As part of this process, Cardwell said, Johnson and other members of the community helped identify people in photos, put names to faces and other logistics of getting the Challenger out there.
“It’s really amazing that Lyn does the whole publication primarily by herself,” said Cardwell.
For the paper to survive, Johnson has had to make it her life: She writes, takes photos and acts as the sole editor. She utilizes student-reporters from USFSP’s Neighborhood News Bureau and manages a rotating team of freelance writers.
One the Challenger’s most frequent freelancers, Holly Kestenis, has known Johnson for about 20 years.
“Lyn sets a goal and figures out what she needs to meet that goal,” said Kestenis, who recently covered local elections and the mayoral race for the paper. “She’s always had leadership qualities and has her stuff together.”

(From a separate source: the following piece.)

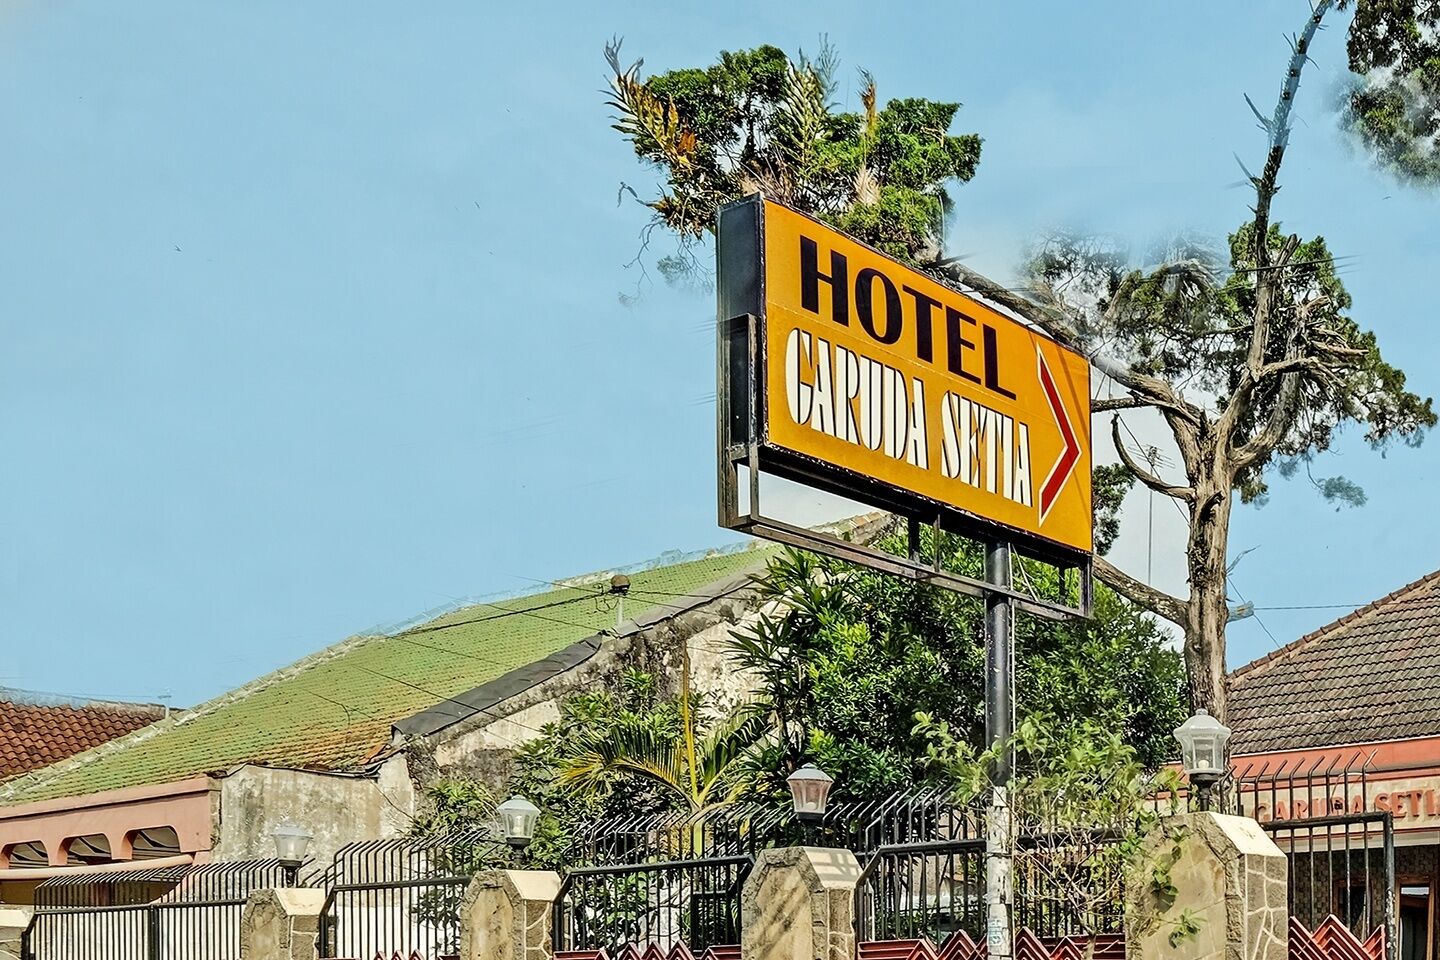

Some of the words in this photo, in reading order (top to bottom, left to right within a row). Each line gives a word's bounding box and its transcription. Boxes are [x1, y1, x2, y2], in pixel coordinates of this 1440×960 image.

[799, 234, 1017, 401] HOTEL
[785, 327, 930, 471] GARUDA
[941, 389, 1033, 508] SETIA

Those qualities are what keep the paper going in a time when similar publications haven’t fared as well.
Johnson does worry about future finances for the Challenger, but she said community papers will continue to be necessary.
“You see in the news black people stealing, murdering, all kinds of horrible things,” she said, “but what you don’t see are the triumphs going on in the community and that’s where the local, weekly newspapers will pick up that slack.”